Mar 20, 2019
Advanced CRISPR technologies for ag launched by Pairwise

Pairwise, located in the Triangle area in North Carolina’s, and one of the fast-growing agriculture and food biotech companies, has licensed some advanced CRISPR genome editing technologies from two prestigious Boston institutions to expand its crop-editing applications and bring new foods to market.

Pairwise, which operates a site in Durham’s Golden Belt and greenhouses in Research Triangle Park, has entered into licensing agreements with Massachusetts General Hospital (MGH) and the Broad Institute of MIT and Harvard (Broad Institute) for their latest CRISPR genome editing technologies.

The CRISPR system (Clustered, Regularly Interspaced Short Palindromic Repeats) is a technology that allows researchers to cut DNA specifically and affordably. It allows scientists to make repairs, make a cut and patch two strands of DNA, and knock out or insert genes.

Pairwise has the exclusive license to specific MGH CRISPR technology for developing agricultural applications.

“Genome-editing technologies such as CRISPR have tremendous innovation potential in agriculture, but there have been limitations on its useful application to certain target areas,” said Aaron Hummel, Ph.D., head of genome editing technologies for Pairwise, in the licensing announcement.

Improving access to healthy and sustainable food

“Building on our existing capabilities, access to these optimized CRISPR enzymes will allow us to overcome some of the major challenges we see in food and agriculture. Ultimately, these technologies will enable us to improve consumer access to healthy and sustainable food.”

  1. Keith Joung, M.D., professor of pathology at Harvard Medical School, Desmond and Ann Heathwood MGH Research Scholar, and a co-founder of Pairwise added, “The high–fidelity and enhanced CRISPR enzymes with improved target recognition capabilities that we have developed for medical uses also have the potential to increase gene editing efficiencies and could ultimately increase the pace of innovation in agriculture.”

The agreement with the Broad Institute gives Pairwise a license to the Cas9 and Cas12 (including both Cas12a/Cpf1 and Cas12b/C2c1) patent portfolios for use in plants and agriculture. The Broad Institute licenses are non-exclusive and adhere to the Institutes’s ethical restrictions for agricultural use, which prohibit using CRISPR for gene drive, sterile seeds, or tobacco products for human use.

“Our goal is to maximize the scientific impact of CRISPR-Cas9 for improving agriculture, and our nonexclusive licensing agreements offer the opportunity to provide wide access to help researchers reduce food waste, limit pesticides, and improve drought resistance, while promoting safe and ethical uses of groundbreaking technologies,” said Issi Rozen, chief business officer of the Broad Institute.

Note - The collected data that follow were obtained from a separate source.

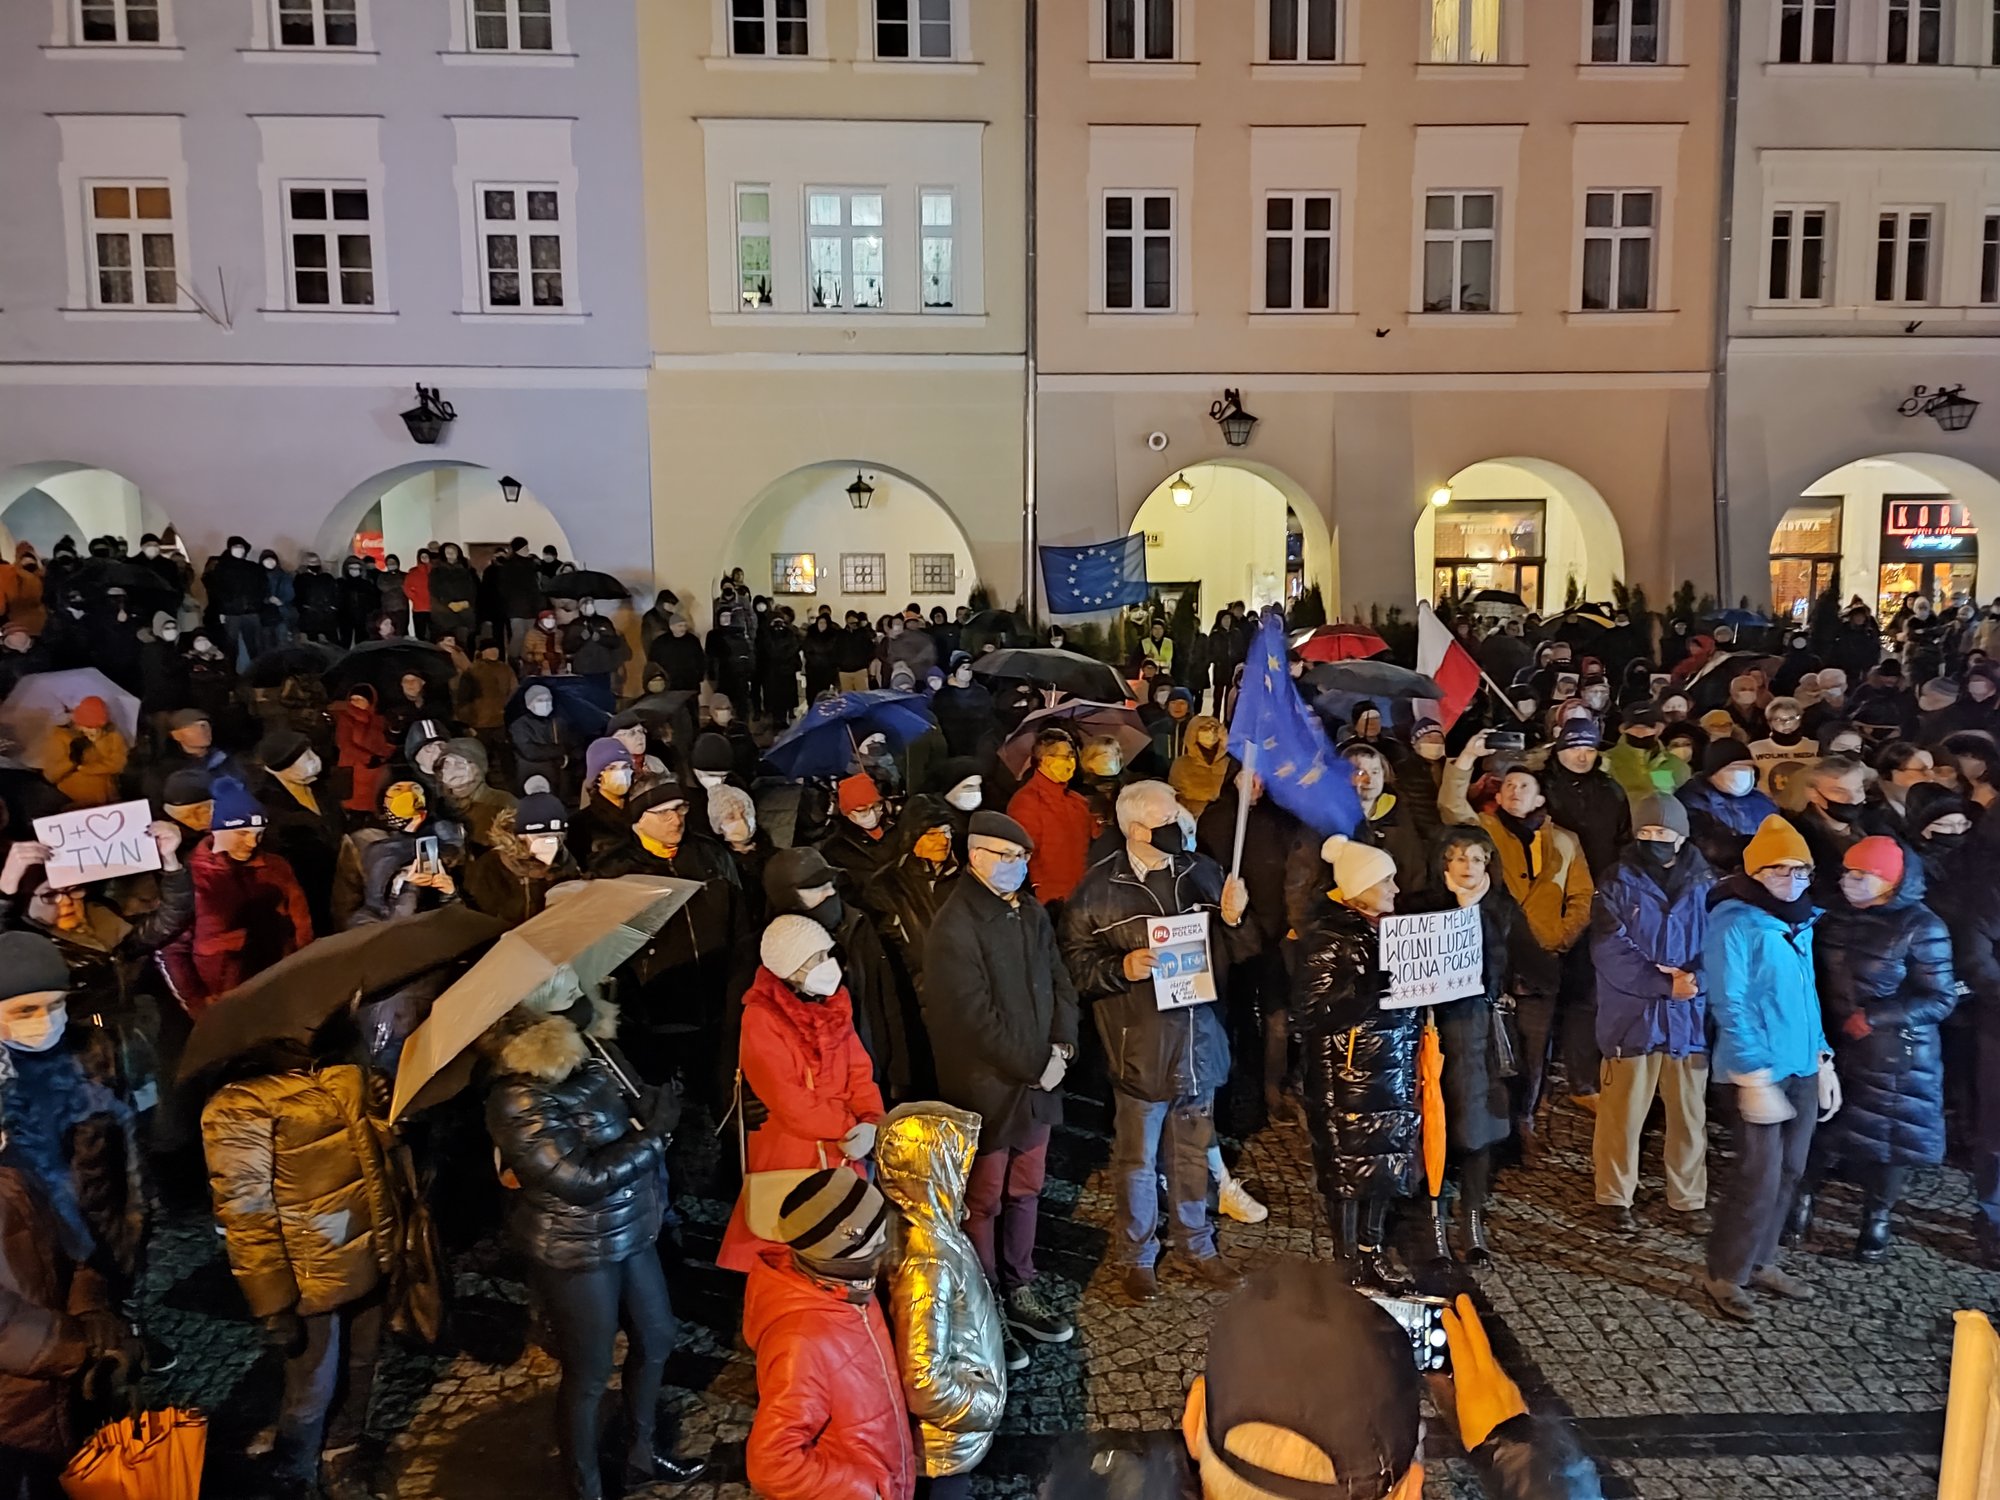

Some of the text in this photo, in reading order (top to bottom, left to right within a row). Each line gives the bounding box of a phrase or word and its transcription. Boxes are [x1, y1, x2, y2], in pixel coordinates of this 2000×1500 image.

[66, 837, 142, 874] TVN
[1385, 915, 1437, 939] WOLNE
[1386, 926, 1477, 964] WOLNI LUDZIE
[1387, 949, 1482, 985] WOLNA POLSKA
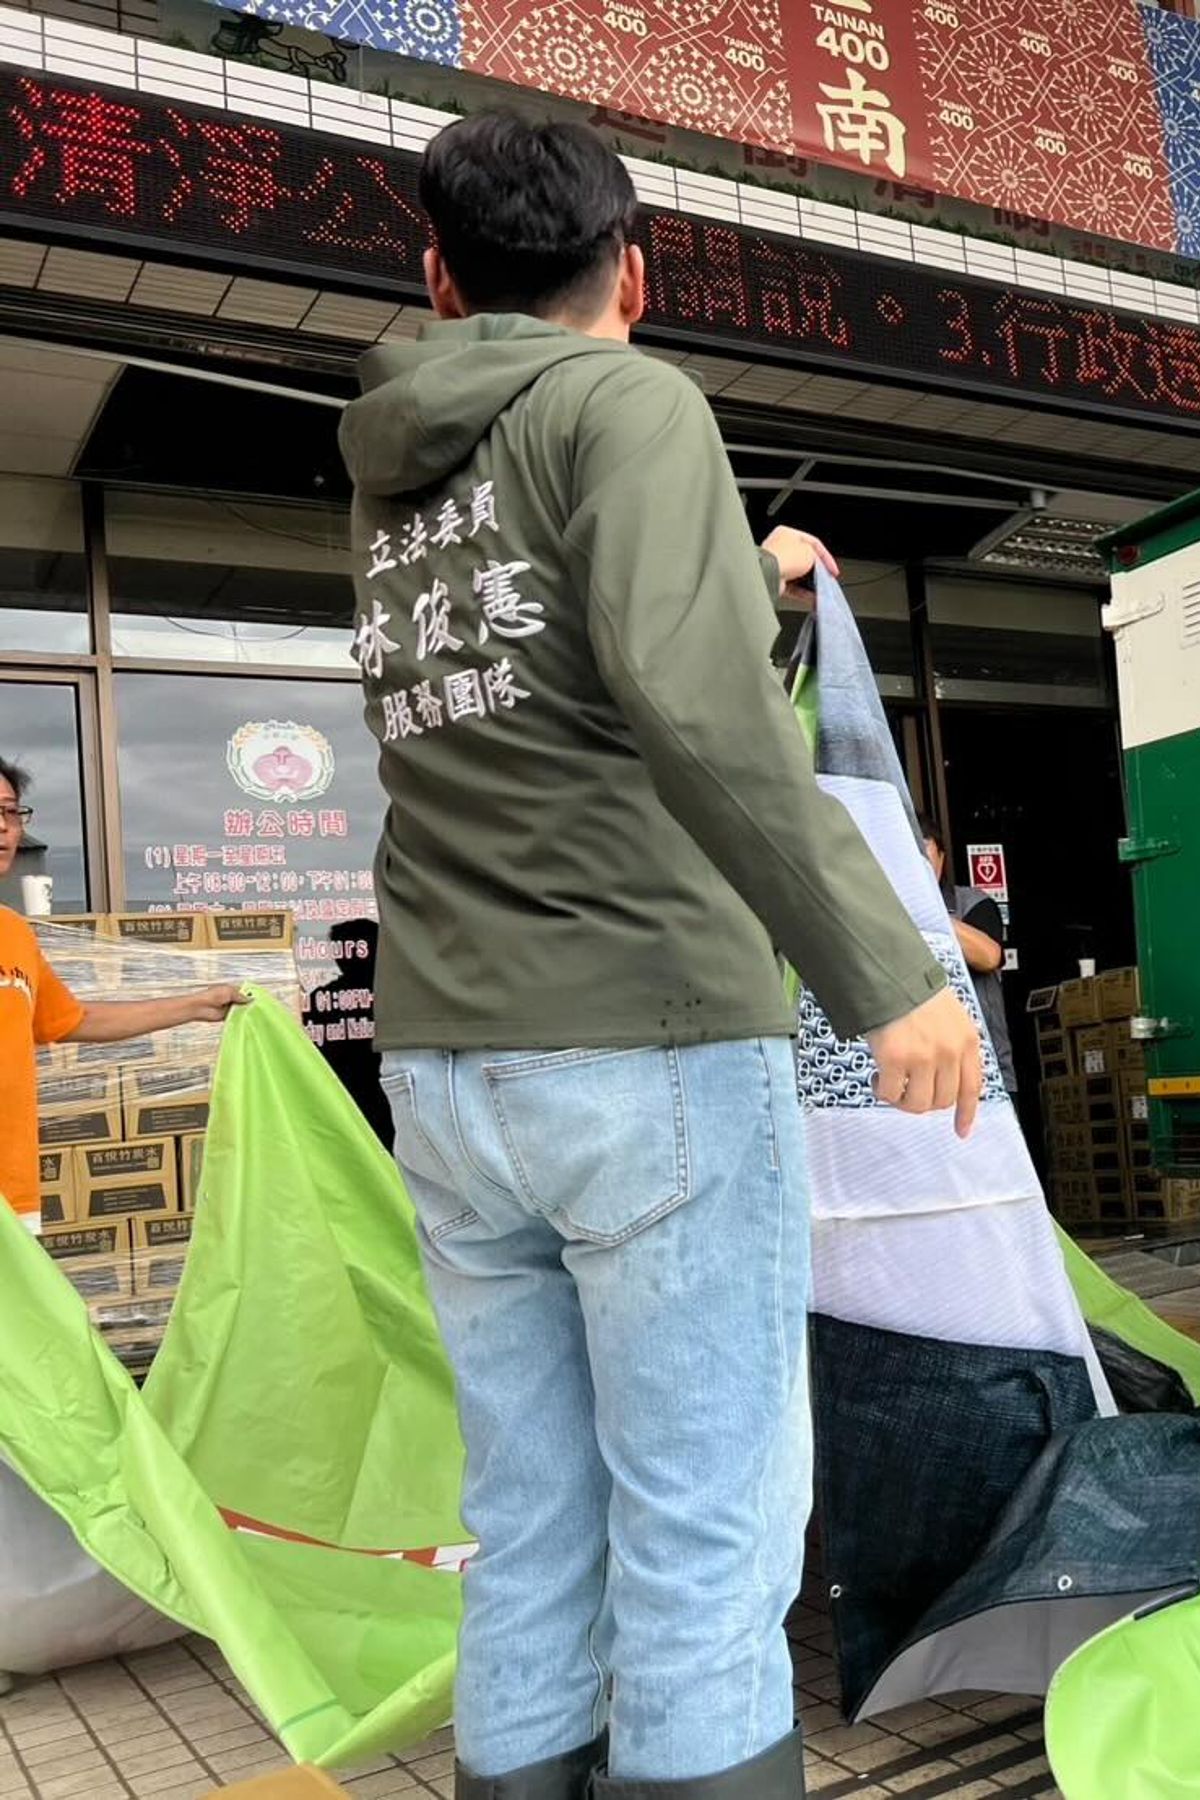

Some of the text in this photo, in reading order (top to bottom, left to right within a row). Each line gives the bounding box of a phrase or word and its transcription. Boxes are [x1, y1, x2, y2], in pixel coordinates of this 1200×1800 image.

“Pairwise is committed to working with a wide array of food and agriculture companies spanning row and specialty crops, fruits and vegetables to make these critical tools accessible as we all work to tackle the challenges facing our food system,” said Pairwise CEO Tom Adams, Ph.D.

In a previous interview with the North Carolina Biotechnology Center, Adams explained that advanced CRISPR technologies can target a specific sequence of RNA or DNA in a genome of 20 million bases. It can find a specific 20 bases and cut it. “It’s as if you went to find a house from everyone in North America and find it based just on its description, without an address.”

He added, “Coupled with genomics and data science, we can change breeding from a process where we cross two things and follow random assortment, then select outcomes, to where we can predetermine outcomes. We’re going to see more variety in crops than we have in the last 10,000 years.”

In addition to its work on row crops, he said the company is looking at healthy snackable foods consumers can choose over potato chips, developing traits such as seedless varieties and enhanced shelf life of fruits, berries and vegetables.

Adams also noted that NCBiotech was helpful in establishing the company “from the beginning. I don’t know of anything else like it in any of the other communities we looked at,” he said.

Since announcing the company’s formation in March 2018, Pairwise has grown to include more than 60 employees. The company anticipates hiring an additional 30 to 40 employees in 2019.